Los profesionales del marketing siguen teniendo dudas
Entre los profesionales del marketing —el colectivo más propenso a sentir el impacto de las nuevas cohortes de Google—, el FLoC ha suscitado más preguntas que preocupaciones evidentes. Según Perianne Grignon, líder en marketing digital y socia de la consultora Media Plus Advisors, el cambio resultará difícil para los profesionales del marketing que están muy acostumbrados a los procesos actuales de segmentación por audiencia y por comportamiento. «Cualquier tipo de cambio supone una disrupción», señala, «y el cambio provocará una brecha en los informes entre el “BF” y el “AF” (antes de FLoC y después). Habrá cierta inquietud tanto en las agencias como entre los anunciantes, ya que los resultados serán diferentes al pasar de individuos a cohortes».
Según Grignon, los profesionales del marketing tendrán que cambiar su forma de pensar, pasando de un enfoque centrado en el individuo a otro basado en cohortes, una tarea complicada dado que Google no ha revelado muchos detalles sobre qué tipos de cohortes tiene previsto crear ni cuál será su alcance y profundidad. También señaló que FLoC llega relativamente tarde. Los profesionales del marketing llevan más de un año enfrentándose al fin de las cookies y muchos ya han desarrollado capacidades de datos propios en 2020 y a principios de 2021, lo que eliminaría la necesidad de una solución de datos de terceros como FLoC.

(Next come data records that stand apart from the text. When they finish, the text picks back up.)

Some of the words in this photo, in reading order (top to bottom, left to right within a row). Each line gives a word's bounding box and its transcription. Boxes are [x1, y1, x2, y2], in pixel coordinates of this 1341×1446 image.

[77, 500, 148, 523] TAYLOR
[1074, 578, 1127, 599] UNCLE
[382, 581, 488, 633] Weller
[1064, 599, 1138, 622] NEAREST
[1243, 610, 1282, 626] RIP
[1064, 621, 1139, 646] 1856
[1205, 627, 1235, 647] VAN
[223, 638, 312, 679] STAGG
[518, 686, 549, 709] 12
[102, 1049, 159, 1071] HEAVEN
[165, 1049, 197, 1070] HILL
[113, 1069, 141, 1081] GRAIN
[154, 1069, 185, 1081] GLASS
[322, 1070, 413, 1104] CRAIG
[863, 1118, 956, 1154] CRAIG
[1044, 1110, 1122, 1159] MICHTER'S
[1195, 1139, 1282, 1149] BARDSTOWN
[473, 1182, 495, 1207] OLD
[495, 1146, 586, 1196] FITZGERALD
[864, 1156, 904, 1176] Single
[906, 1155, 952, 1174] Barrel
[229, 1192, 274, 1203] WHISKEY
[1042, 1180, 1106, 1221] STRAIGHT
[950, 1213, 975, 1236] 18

Sin embargo, las tácticas que ya están utilizando los profesionales del marketing también podrían acabar alejando a los clientes. «Queda por ver si el hecho de pedir constantemente la dirección de correo electrónico acabará molestando a los consumidores», afirmó Grignon.

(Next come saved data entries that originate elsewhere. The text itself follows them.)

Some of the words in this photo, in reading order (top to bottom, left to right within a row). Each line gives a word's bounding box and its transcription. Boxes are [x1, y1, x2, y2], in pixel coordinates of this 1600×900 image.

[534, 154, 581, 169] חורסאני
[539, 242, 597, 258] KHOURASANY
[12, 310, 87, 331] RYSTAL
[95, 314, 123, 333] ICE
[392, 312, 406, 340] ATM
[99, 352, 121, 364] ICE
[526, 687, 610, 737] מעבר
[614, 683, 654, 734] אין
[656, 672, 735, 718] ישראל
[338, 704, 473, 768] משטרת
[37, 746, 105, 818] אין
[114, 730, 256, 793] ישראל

Es demasiado pronto para saberlo
Probablemente sea demasiado pronto para emitir un juicio definitivo sobre la eficacia que tendrá FLoC para los profesionales del marketing que buscan sustituir la segmentación basada en cookies, si podrá satisfacer a los reguladores y si provocará el mismo tipo de reacción negativa por parte de los consumidores que llevó, en su momento, a la obsolescencia de las cookies. Sin embargo, las preocupaciones y dudas iniciales dejan claro que es demasiado pronto para que los profesionales del marketing que han estado buscando alternativas bajen el ritmo. En definitiva, lo único seguro es que las cookies desaparecerán pronto, y quienes inviertan en alternativas como los datos propios y la segmentación basada en el contexto no tendrán que contener la respiración mientras Google pone a punto su última idea.